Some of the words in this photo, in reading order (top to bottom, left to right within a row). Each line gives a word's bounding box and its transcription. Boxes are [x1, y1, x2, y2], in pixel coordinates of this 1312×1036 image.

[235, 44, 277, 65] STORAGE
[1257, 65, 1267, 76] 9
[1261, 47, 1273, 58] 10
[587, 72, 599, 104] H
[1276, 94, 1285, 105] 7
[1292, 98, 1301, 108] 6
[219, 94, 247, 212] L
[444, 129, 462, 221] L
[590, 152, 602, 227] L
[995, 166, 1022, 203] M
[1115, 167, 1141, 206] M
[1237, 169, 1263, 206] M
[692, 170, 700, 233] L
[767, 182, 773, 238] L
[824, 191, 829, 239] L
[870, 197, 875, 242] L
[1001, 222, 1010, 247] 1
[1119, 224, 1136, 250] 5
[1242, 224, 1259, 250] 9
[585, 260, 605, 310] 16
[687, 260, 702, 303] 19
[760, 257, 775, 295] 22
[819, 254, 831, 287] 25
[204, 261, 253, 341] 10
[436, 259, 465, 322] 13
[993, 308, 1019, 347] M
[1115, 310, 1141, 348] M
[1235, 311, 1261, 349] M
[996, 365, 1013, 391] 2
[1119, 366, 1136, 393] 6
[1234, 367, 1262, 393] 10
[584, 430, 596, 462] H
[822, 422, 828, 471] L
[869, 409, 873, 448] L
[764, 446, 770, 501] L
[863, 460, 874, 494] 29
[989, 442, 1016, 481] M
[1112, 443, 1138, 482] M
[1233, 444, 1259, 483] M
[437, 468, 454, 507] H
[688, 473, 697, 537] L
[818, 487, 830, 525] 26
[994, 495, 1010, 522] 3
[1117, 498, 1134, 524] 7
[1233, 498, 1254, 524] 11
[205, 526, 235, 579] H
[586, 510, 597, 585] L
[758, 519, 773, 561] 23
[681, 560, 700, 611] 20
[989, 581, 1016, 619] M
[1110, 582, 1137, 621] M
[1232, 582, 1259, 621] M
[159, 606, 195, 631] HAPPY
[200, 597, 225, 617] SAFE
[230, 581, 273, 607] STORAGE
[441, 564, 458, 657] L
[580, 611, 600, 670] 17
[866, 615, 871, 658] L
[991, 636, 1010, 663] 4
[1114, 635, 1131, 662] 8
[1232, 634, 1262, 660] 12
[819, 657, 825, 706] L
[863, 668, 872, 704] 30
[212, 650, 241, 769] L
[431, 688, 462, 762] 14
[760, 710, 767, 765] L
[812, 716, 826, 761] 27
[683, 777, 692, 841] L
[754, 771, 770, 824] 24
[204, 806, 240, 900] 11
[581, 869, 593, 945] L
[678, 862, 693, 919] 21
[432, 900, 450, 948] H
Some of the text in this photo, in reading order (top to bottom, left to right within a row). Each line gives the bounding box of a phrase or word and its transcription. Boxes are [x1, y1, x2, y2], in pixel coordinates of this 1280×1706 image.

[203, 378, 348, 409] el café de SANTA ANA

Try it:
Transcribe all of the data, keeping every line identical.

Answer space:
Some of the words in this photo, in reading order (top to bottom, left to right within a row). Each line gives a word's bounding box and its transcription. Boxes are [x1, y1, x2, y2], in pixel coordinates of this 1312×1036 image.

[235, 44, 277, 65] STORAGE
[1257, 65, 1267, 76] 9
[1261, 47, 1273, 58] 10
[587, 72, 599, 104] H
[1276, 94, 1285, 105] 7
[1292, 98, 1301, 108] 6
[219, 94, 247, 212] L
[444, 129, 462, 221] L
[590, 152, 602, 227] L
[995, 166, 1022, 203] M
[1115, 167, 1141, 206] M
[1237, 169, 1263, 206] M
[692, 170, 700, 233] L
[767, 182, 773, 238] L
[824, 191, 829, 239] L
[870, 197, 875, 242] L
[1001, 222, 1010, 247] 1
[1119, 224, 1136, 250] 5
[1242, 224, 1259, 250] 9
[585, 260, 605, 310] 16
[687, 260, 702, 303] 19
[760, 257, 775, 295] 22
[819, 254, 831, 287] 25
[204, 261, 253, 341] 10
[436, 259, 465, 322] 13
[993, 308, 1019, 347] M
[1115, 310, 1141, 348] M
[1235, 311, 1261, 349] M
[996, 365, 1013, 391] 2
[1119, 366, 1136, 393] 6
[1234, 367, 1262, 393] 10
[584, 430, 596, 462] H
[822, 422, 828, 471] L
[869, 409, 873, 448] L
[764, 446, 770, 501] L
[863, 460, 874, 494] 29
[989, 442, 1016, 481] M
[1112, 443, 1138, 482] M
[1233, 444, 1259, 483] M
[437, 468, 454, 507] H
[688, 473, 697, 537] L
[818, 487, 830, 525] 26
[994, 495, 1010, 522] 3
[1117, 498, 1134, 524] 7
[1233, 498, 1254, 524] 11
[205, 526, 235, 579] H
[586, 510, 597, 585] L
[758, 519, 773, 561] 23
[681, 560, 700, 611] 20
[989, 581, 1016, 619] M
[1110, 582, 1137, 621] M
[1232, 582, 1259, 621] M
[159, 606, 195, 631] HAPPY
[200, 597, 225, 617] SAFE
[230, 581, 273, 607] STORAGE
[441, 564, 458, 657] L
[580, 611, 600, 670] 17
[866, 615, 871, 658] L
[991, 636, 1010, 663] 4
[1114, 635, 1131, 662] 8
[1232, 634, 1262, 660] 12
[819, 657, 825, 706] L
[863, 668, 872, 704] 30
[212, 650, 241, 769] L
[431, 688, 462, 762] 14
[760, 710, 767, 765] L
[812, 716, 826, 761] 27
[683, 777, 692, 841] L
[754, 771, 770, 824] 24
[204, 806, 240, 900] 11
[581, 869, 593, 945] L
[678, 862, 693, 919] 21
[432, 900, 450, 948] H
Some of the text in this photo, in reading order (top to bottom, left to right within a row). Each line gives the bounding box of a phrase or word and its transcription. Boxes are [x1, y1, x2, y2], in pixel coordinates of this 1280×1706 image.

[203, 378, 348, 409] el café de SANTA ANA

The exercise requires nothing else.